Because evaluating cervical fluid is less objective, every NFP method uses slightly different descriptions. In the Couple to Couple League's method, cervical fluid is described by three categories:
- No observed cervical fluid - There's no observable fluid
- "Less fertile" cervical fluid - Fluid is often white or creamy. It doesn't stretch easily and may be sticky, gummy, thick, pasty, creamy, or clumpy.
- "More fertile" cervical fluid - Fluid is wet and very slippery. There are often mucus pieces that are extremely stretchy. It's often described as being similar to raw egg whites.
This slideshow gives a reasonable description of different types of cervical fluid, and includes photos which may help you decide what you're looking at.
There's many ways to notate these observations. In the chart from "Taking Charge of Your Fertility", there are three main descriptions given and you check off whichever apply:
We've been sticking to the notation suggested by the Couple to Couple League (in part because it makes it easier to get our charts reviewed when we need outside help!). This notation looks like:
The empty circles represent no observed cervical fluid, a circle with a minus sign indicates less fertile, and a circle with a plus sign indicates more fertile. The letters indicate moist (m), wet (w), slippery (sl), none (n), tacky (t), stretchy (s).
Typically, women observe several days without cervical fluid at the beginning of their cycle, followed by several days of "less fertile" fluid and the then several days of "more fertile" fluid.
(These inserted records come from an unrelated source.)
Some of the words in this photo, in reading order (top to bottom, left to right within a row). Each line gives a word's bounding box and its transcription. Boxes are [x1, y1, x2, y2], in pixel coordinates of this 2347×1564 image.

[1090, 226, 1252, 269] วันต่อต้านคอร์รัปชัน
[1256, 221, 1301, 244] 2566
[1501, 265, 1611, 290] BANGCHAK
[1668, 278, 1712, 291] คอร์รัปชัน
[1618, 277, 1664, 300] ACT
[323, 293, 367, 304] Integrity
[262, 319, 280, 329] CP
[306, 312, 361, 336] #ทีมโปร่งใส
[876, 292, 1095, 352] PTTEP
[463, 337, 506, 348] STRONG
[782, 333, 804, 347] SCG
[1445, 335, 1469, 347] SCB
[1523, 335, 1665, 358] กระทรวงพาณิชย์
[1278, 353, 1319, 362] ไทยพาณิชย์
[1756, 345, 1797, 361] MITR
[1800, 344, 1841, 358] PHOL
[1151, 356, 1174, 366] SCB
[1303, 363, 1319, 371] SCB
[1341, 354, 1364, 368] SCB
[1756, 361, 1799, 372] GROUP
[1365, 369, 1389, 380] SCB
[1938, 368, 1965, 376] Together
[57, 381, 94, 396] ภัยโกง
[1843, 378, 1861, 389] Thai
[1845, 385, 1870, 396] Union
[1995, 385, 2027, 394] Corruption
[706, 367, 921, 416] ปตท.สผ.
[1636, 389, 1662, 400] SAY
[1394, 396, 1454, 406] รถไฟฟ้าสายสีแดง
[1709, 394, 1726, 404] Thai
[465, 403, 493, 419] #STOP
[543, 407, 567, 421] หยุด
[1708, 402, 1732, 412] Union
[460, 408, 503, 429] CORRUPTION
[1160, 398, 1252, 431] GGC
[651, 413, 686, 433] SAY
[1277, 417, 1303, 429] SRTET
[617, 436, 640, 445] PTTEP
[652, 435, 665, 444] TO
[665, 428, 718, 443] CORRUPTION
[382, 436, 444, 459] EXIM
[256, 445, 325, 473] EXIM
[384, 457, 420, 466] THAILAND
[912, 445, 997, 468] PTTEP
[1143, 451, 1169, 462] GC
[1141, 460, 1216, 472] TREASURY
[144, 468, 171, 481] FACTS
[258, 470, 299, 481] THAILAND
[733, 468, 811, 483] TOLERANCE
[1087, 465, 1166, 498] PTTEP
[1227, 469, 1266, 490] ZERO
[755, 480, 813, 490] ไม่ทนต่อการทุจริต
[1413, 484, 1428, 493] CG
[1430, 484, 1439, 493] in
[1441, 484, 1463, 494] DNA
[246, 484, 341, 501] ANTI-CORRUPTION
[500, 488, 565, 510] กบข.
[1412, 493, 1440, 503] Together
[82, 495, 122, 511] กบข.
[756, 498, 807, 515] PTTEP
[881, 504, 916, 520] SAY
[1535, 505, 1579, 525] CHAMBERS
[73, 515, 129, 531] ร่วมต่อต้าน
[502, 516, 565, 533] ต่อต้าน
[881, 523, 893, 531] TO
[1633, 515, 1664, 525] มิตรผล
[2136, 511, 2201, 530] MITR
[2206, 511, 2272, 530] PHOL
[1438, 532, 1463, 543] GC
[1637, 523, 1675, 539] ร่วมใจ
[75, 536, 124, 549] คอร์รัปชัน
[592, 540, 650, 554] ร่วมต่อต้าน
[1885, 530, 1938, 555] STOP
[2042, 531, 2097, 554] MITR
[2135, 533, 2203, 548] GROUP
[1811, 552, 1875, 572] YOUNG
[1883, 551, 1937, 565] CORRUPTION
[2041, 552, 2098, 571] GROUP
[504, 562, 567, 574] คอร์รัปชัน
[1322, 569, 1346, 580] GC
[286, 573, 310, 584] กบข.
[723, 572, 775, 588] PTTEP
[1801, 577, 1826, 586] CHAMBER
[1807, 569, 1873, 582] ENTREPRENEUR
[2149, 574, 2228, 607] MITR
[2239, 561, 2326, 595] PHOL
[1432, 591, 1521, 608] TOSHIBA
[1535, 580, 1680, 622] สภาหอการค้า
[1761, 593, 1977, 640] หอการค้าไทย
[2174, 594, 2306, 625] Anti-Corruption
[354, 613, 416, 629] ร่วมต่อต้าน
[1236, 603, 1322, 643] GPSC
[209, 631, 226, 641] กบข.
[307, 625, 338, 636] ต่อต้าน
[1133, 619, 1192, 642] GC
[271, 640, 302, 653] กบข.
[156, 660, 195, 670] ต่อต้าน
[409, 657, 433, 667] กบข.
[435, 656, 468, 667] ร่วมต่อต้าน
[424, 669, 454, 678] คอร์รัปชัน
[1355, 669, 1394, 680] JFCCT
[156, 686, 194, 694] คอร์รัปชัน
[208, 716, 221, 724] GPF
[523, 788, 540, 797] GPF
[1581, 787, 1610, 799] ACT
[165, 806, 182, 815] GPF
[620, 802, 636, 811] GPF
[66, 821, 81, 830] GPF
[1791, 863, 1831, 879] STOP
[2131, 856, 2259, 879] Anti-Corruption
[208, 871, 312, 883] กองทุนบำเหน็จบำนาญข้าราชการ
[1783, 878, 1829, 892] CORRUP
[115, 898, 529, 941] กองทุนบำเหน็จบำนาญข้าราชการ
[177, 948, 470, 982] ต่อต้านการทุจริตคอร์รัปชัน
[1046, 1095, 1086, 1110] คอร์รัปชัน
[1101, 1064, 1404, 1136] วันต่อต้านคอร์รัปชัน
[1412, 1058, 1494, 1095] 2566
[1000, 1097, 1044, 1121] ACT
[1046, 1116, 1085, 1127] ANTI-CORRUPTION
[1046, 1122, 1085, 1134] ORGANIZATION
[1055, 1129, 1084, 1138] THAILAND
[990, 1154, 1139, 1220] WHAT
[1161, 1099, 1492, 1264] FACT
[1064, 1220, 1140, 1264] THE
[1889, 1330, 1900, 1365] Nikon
The final day of "more fertile" is sometimes referred to as the peak day, and it marks when ovulation occurs. After this day, most women observe more dry days, until their period.
Over the first few months of observations, you'll get a very good idea of what typical cervical fluid patterns are for your body. You'll develop a notation system that works for you. While it's a little more work than observing temperature, cervical fluid observations are even more meaningful. In fact, some NFP methods only use cervical fluid observations, omitting temperature entirely.